Éste es el artículo: http://www.eluniversaledomex.mx/home/nota29050.html

En resumen habla de una niña que con 12 años “se fue de su casa convencida por alguien que conoció en el Facebook”.

Para los que me conocen y los que no: soy una firme opositora de que los niños usen las redes sociales. No veo como alguien menor de 16 pueda necesitarles, y creo que nuestras habilidades sociales y de convivencia se deben desarrollar en vivo hasta la madurez.
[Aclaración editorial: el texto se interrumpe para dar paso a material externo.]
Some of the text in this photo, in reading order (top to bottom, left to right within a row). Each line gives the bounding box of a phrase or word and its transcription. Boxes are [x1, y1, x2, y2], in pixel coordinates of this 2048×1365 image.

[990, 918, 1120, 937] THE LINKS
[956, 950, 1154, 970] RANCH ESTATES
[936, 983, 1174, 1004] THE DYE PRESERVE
Darle a un niño acceso al internet sin supervisión es como dejarlo sólo en mitad de una calle transitada: nunca sabes quién se va a acercar y que va a ofrecer.

Primero que nada, disculpen si mi opinión ofende a los que tienen hijos, pero para mí todas sus excusas, como “déjalo, está chiquito”, “ni sabe lo que hace, no te apures”, “está de moda, todas sus amiguitas lo tienen”, o “¿ aaaayyy…..cómo le digo que no?”; son en realidad una misma y sola expresión: “me da hueva lidiar con mi hijo”. (También está de moda “mover” paquetes de droga por un iPhone o una motoneta… ¿por eso se lo permitirían?)
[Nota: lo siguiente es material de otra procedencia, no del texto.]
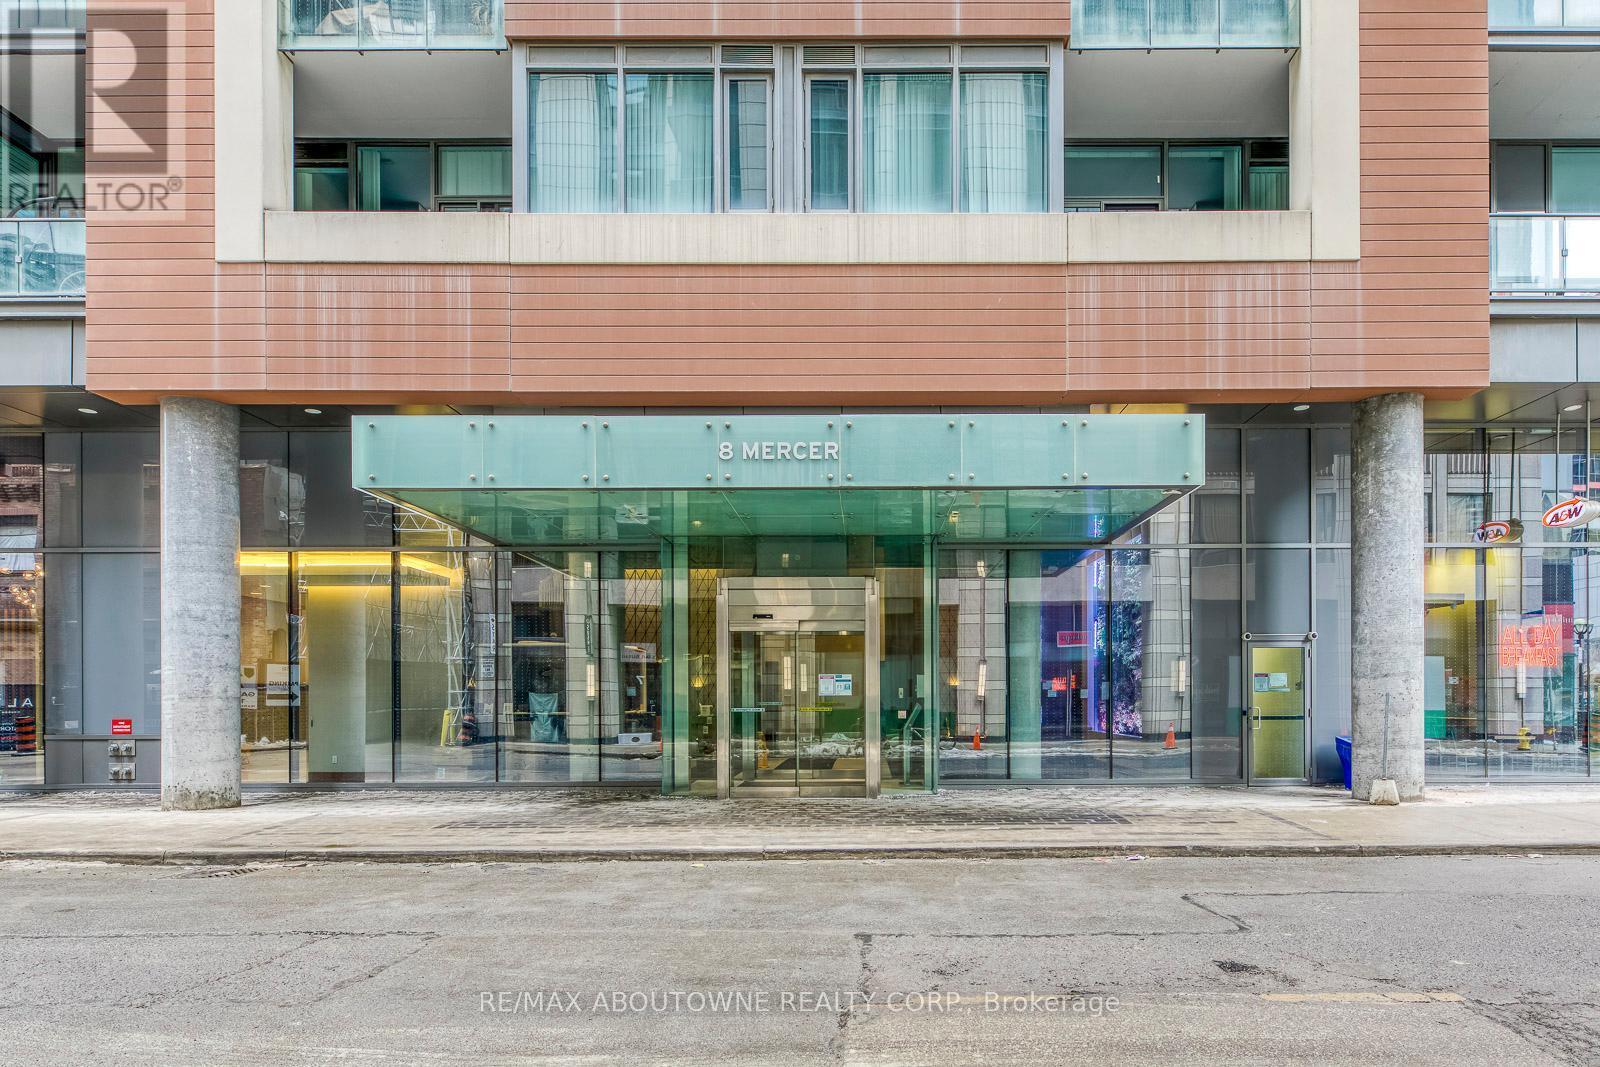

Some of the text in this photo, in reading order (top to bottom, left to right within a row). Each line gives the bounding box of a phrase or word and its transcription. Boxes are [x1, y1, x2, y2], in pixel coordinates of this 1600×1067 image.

[719, 441, 839, 460] 8 MERCER
[1549, 504, 1583, 526] A&W
[1502, 624, 1560, 645] ALL DAY
[1502, 647, 1560, 667] BREAKFAST
El ejemplo del articulo lo deja claro: no sólo me asalta la duda de qué carajos hace una niña de 12 años conversado sola con un adulto desconocido por la red; ¡¿cómo es que ninguno de sus padres sospechó siquiera que planeaba irse de casa?!  ¿Acaso nunca hablaban con ella? ¿Revisaban su cuenta frecuentemente?  Por mejor actriz que pueda ser una niña, su actitud debió mostrar algo de nerviosismo o alguna otra emoción. ¿Qué necesidades estaba cubriendo ésta chavita al hablar “de amor” con un perfecto extraño y creyendo que irse así nada más era una buena idea?
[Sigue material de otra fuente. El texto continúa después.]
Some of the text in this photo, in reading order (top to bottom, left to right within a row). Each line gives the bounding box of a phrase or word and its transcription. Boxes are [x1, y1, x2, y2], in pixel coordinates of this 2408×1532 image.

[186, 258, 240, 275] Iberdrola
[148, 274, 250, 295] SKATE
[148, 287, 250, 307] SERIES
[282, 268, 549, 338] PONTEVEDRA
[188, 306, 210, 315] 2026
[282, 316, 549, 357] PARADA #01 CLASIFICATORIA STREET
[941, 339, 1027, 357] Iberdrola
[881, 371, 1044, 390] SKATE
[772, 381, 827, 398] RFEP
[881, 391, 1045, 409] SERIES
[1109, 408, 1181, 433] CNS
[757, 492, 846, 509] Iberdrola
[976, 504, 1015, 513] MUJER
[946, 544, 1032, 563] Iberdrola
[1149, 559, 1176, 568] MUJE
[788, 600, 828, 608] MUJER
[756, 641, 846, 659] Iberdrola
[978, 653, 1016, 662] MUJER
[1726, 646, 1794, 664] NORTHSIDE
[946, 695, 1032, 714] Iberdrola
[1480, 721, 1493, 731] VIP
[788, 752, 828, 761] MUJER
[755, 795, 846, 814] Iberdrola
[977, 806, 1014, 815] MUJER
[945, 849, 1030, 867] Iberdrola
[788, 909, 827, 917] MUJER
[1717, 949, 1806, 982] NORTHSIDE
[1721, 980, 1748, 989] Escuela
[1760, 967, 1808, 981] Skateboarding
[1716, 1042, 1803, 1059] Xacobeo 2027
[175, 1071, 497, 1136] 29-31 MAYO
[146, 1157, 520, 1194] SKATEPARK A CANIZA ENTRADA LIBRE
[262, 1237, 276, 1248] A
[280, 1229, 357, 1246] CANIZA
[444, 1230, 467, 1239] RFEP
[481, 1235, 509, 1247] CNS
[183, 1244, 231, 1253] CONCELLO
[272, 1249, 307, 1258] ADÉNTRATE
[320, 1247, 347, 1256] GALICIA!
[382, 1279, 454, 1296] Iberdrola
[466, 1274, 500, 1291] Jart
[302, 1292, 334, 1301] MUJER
Éste es mi segundo gran problema con ésta generación: el total desconecte con la realidad. Y no estoy hablando de niños en edad preescolar, me refiero a jóvenes de 12 o 14 años. Tan protegidos y atendidos están, tan ahogados por la basura que les ponen en la tele, que no tienen ni idea de nada. Desde esa modita de escribir como analfabetas hasta creer que el dinero se reproduce con meterse al bolsillo. Hablando con una niña de 12 años me dijo muy en serio: “yo de grande no voy a ser nada, me voy a hacer una banda para ser famosa y no tener que trabajar nunca y pasarme el día en mi casa”. Cuando le pregunté qué instrumento tocaba o que música pensaba hacer, y se dio cuenta del error de “no querer saber hacer nada”; simplemente me dijo que mejor se iba a acostar con muchos chavos para salir en la tele y ya (después me enteré que le permiten ver “Jersey Shore”).

Igualmente, hablando con un chico de 15 años de Puebla que acababa de discutir con sus padres porque quería “otro iPad”, me cayó el 20 de lo apendejados que están creciendo los chavos. Éste no es un niño común de secu de gobierno que se ríe de cualquier bobada y aspira a microbusero, tampoco…yo quería creer que siendo hijo de 2 maestros de Universidad, tendría algo de más fibra. El caso es que el muchacho me dice que como sus padres son “unos ojetes” por no comprarle un segundo tablet, le va a hacer como yo y a fin de mes se va a ir a vivir a Nueva York.

“¡Órale! qué buena onda… y ¡que cosmopolita! Supongo que ya tienes visa…pero ¿por qué NY?, es muy cara… ¿ya sabes cómo te vas a mantener, o te van a ayudar tus papás un rato? … sé que conseguir chamba allá no es fácil ¿Conseguiste vuelo barato? “

El pobre escuincle me vio como si yo hablara chino.

-“¿Cómo una visa?… ¿Los vuelos son caros…? Tengo 650 pesos y lo que me den por mi cel. No quiero ir a trabajar, quiero vivir en un depa, como los de “Friends”.

Me resultó muy incómodo…conexión con la vida real: 0. De un chico que este curso empezará la prepa.

Hubiera sido un niño de 6 o 7 años y me hubiera dado ternura.

Pienso igual de la pobre niña del periódico. Le dejó cartas a las amigas y los papás diciendo “me voy a Torreón, si me visitan un día, les presento a Luís”. Torreón no está nada cerca del Estado de México, pero suena a que ésta niña creyó que iba al parque o a la tiendita. No me quiero ni imaginar sus posibles circunstancias actuales.

Para nada culpo a los padres o nadie, en realidad… pero falta sentido común…falta interés. Ojalá y aparezca con bien.